WORK REQUIRED :: The answer should match the entries below word for word, minus their pictures.

○ ○ ○ ○ ○

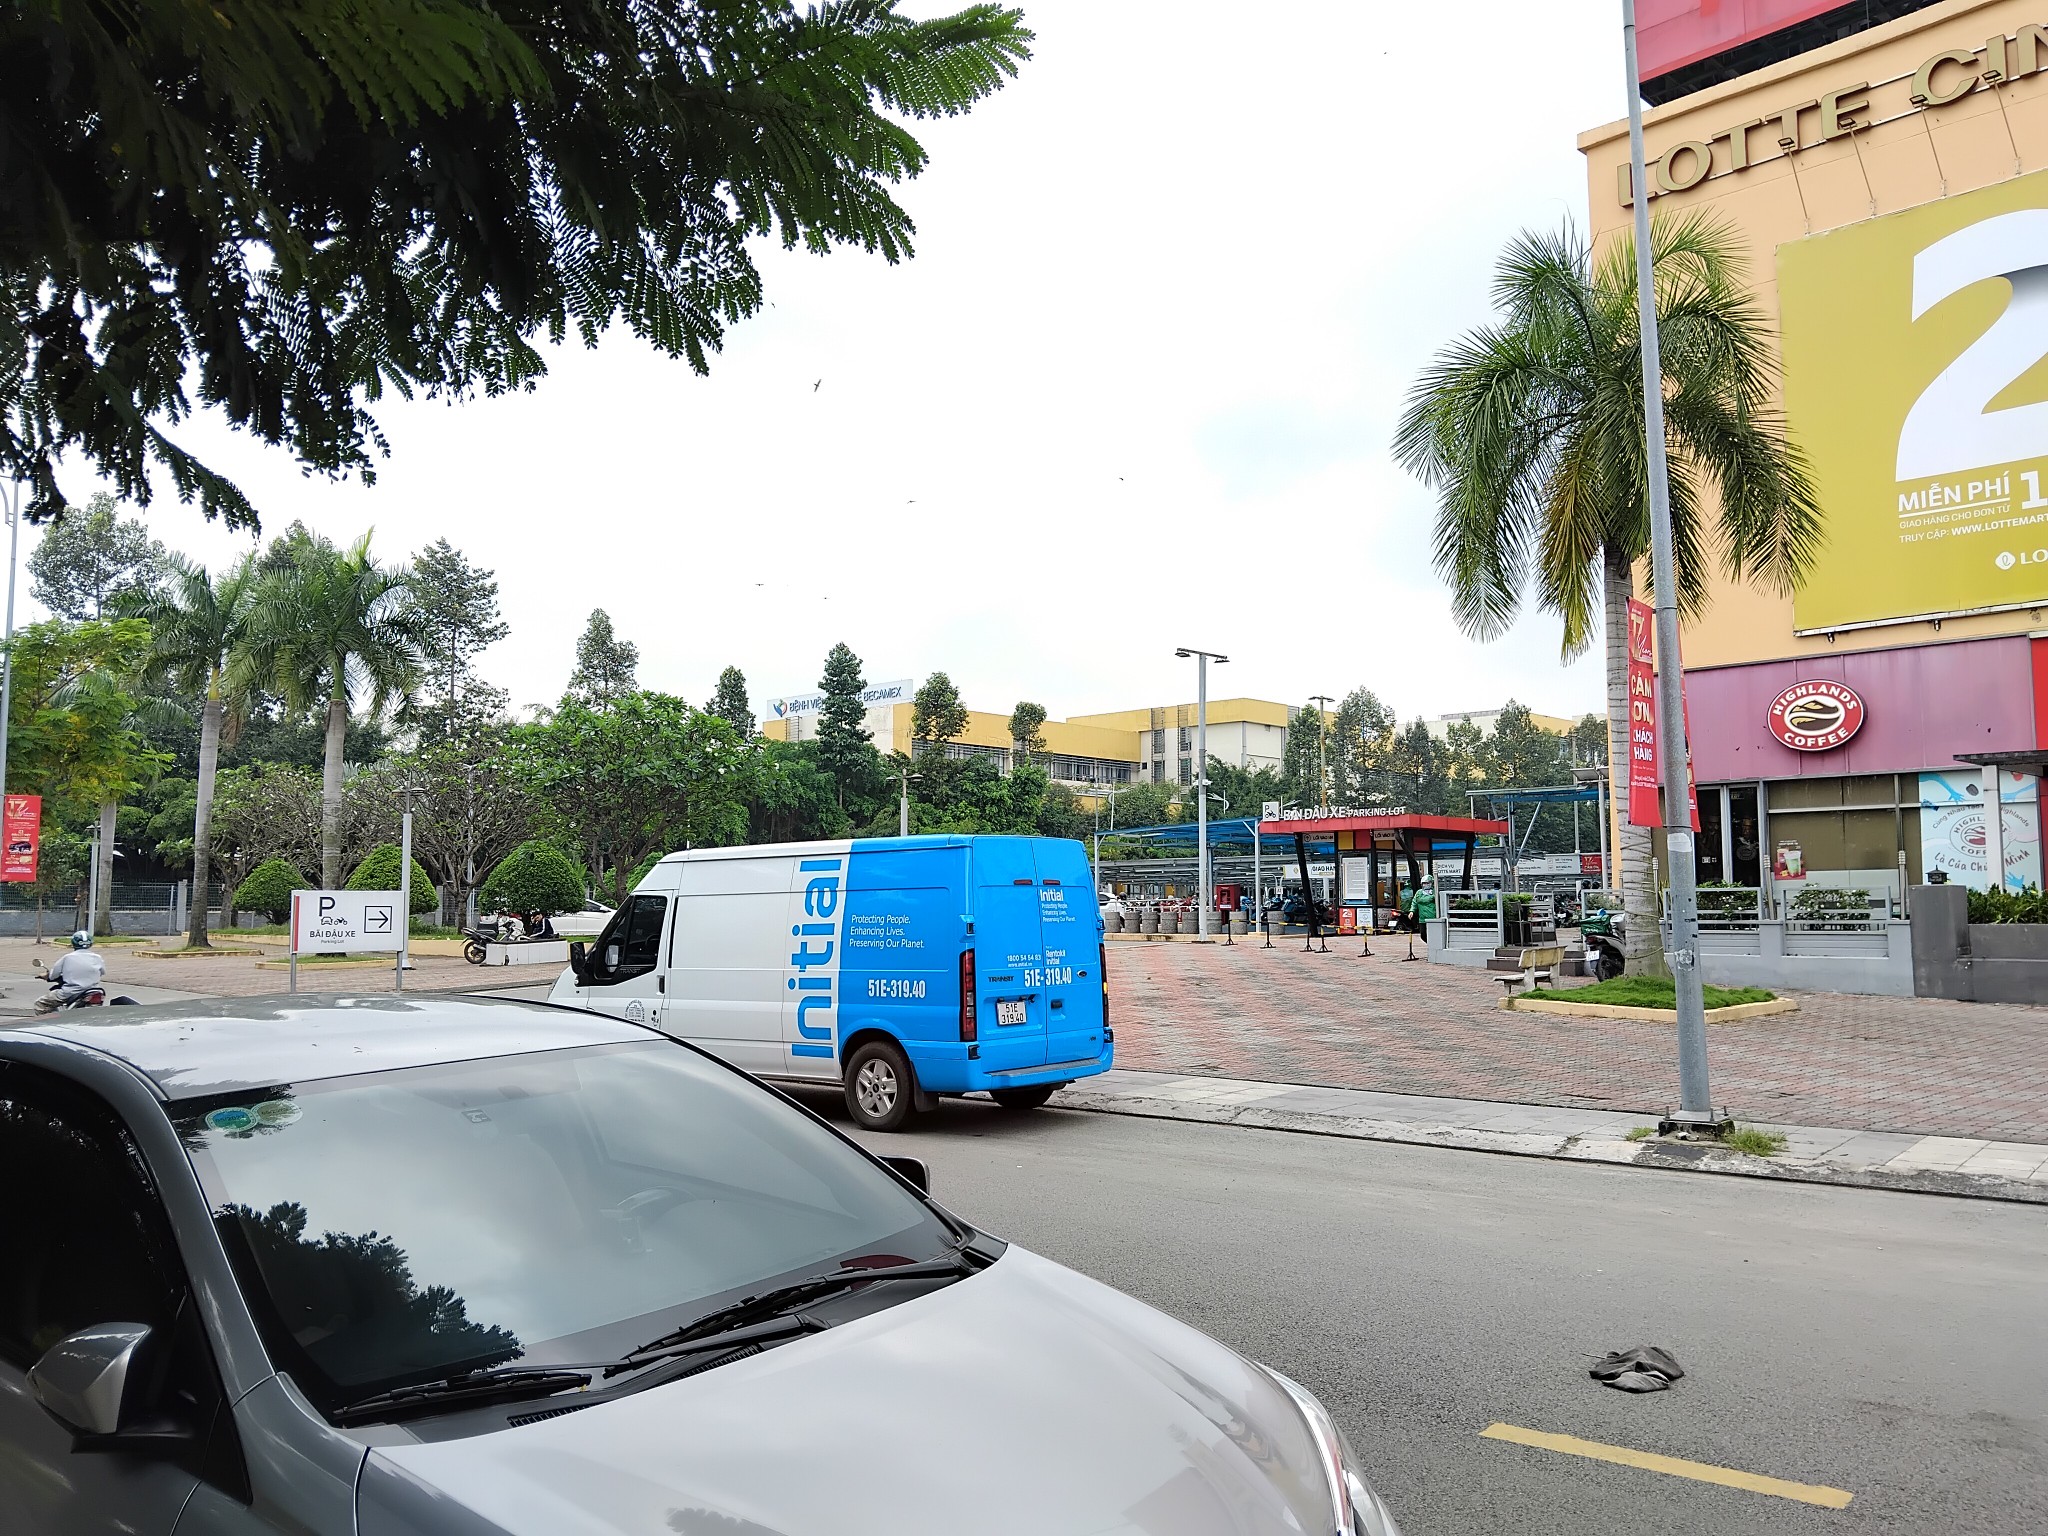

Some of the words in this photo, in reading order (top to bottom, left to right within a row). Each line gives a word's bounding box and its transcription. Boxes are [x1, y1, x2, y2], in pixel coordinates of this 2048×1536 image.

[1617, 81, 1872, 208] LOTTE
[1898, 482, 1961, 512] MIỄN
[1967, 470, 2011, 501] PHÍ
[1899, 518, 1922, 529] GIAO
[1923, 513, 1950, 526] HÀNG
[1951, 510, 1972, 522] CHO
[1973, 507, 1995, 518] ĐƠN
[1899, 532, 1924, 543] TRUY
[1926, 528, 1950, 540] CẬP:
[1631, 672, 1652, 698] CẢM
[789, 700, 810, 713] BỆNH
[863, 686, 902, 702] BECAMEX
[1772, 684, 1858, 716] HIGHLANDS
[1633, 701, 1651, 724] ƠN
[1784, 727, 1849, 747] COFFEE
[1633, 745, 1653, 762] HÀNG
[1284, 807, 1303, 821] BÃI
[1305, 805, 1328, 822] ĐẬU
[1331, 806, 1346, 818] XE
[1348, 807, 1388, 818] PARKING
[1389, 806, 1406, 816] LOT
[1932, 815, 1948, 829] Cùng
[1947, 807, 1966, 817] Nhau
[1040, 889, 1064, 901] Initial
[319, 897, 335, 916] P
[851, 915, 885, 925] Protecting
[886, 914, 911, 924] People.
[310, 929, 323, 938] BÃI
[326, 929, 343, 939] ĐẬU
[850, 926, 885, 937] Enhancing
[886, 926, 905, 936] Lives.
[849, 938, 884, 949] Preserving
[886, 938, 899, 948] Our
[901, 938, 924, 949] Planet.
[788, 859, 842, 1059] Initial
[1046, 957, 1060, 965] Initial
[1024, 967, 1072, 987] 51E-319.40
[868, 979, 926, 998] 51E-319.40
[1005, 1004, 1018, 1013] 51E
[1001, 1013, 1024, 1024] 319.40

○ ○ ○ ○ ○

ANSWER TO THE PROBLEM ::
Some of the words in this photo, in reading order (top to bottom, left to right within a row). Each line gives a word's bounding box and its transcription. Boxes are [x1, y1, x2, y2], in pixel coordinates of this 2048×1536 image.

[1617, 81, 1872, 208] LOTTE
[1898, 482, 1961, 512] MIỄN
[1967, 470, 2011, 501] PHÍ
[1899, 518, 1922, 529] GIAO
[1923, 513, 1950, 526] HÀNG
[1951, 510, 1972, 522] CHO
[1973, 507, 1995, 518] ĐƠN
[1899, 532, 1924, 543] TRUY
[1926, 528, 1950, 540] CẬP:
[1631, 672, 1652, 698] CẢM
[789, 700, 810, 713] BỆNH
[863, 686, 902, 702] BECAMEX
[1772, 684, 1858, 716] HIGHLANDS
[1633, 701, 1651, 724] ƠN
[1784, 727, 1849, 747] COFFEE
[1633, 745, 1653, 762] HÀNG
[1284, 807, 1303, 821] BÃI
[1305, 805, 1328, 822] ĐẬU
[1331, 806, 1346, 818] XE
[1348, 807, 1388, 818] PARKING
[1389, 806, 1406, 816] LOT
[1932, 815, 1948, 829] Cùng
[1947, 807, 1966, 817] Nhau
[1040, 889, 1064, 901] Initial
[319, 897, 335, 916] P
[851, 915, 885, 925] Protecting
[886, 914, 911, 924] People.
[310, 929, 323, 938] BÃI
[326, 929, 343, 939] ĐẬU
[850, 926, 885, 937] Enhancing
[886, 926, 905, 936] Lives.
[849, 938, 884, 949] Preserving
[886, 938, 899, 948] Our
[901, 938, 924, 949] Planet.
[788, 859, 842, 1059] Initial
[1046, 957, 1060, 965] Initial
[1024, 967, 1072, 987] 51E-319.40
[868, 979, 926, 998] 51E-319.40
[1005, 1004, 1018, 1013] 51E
[1001, 1013, 1024, 1024] 319.40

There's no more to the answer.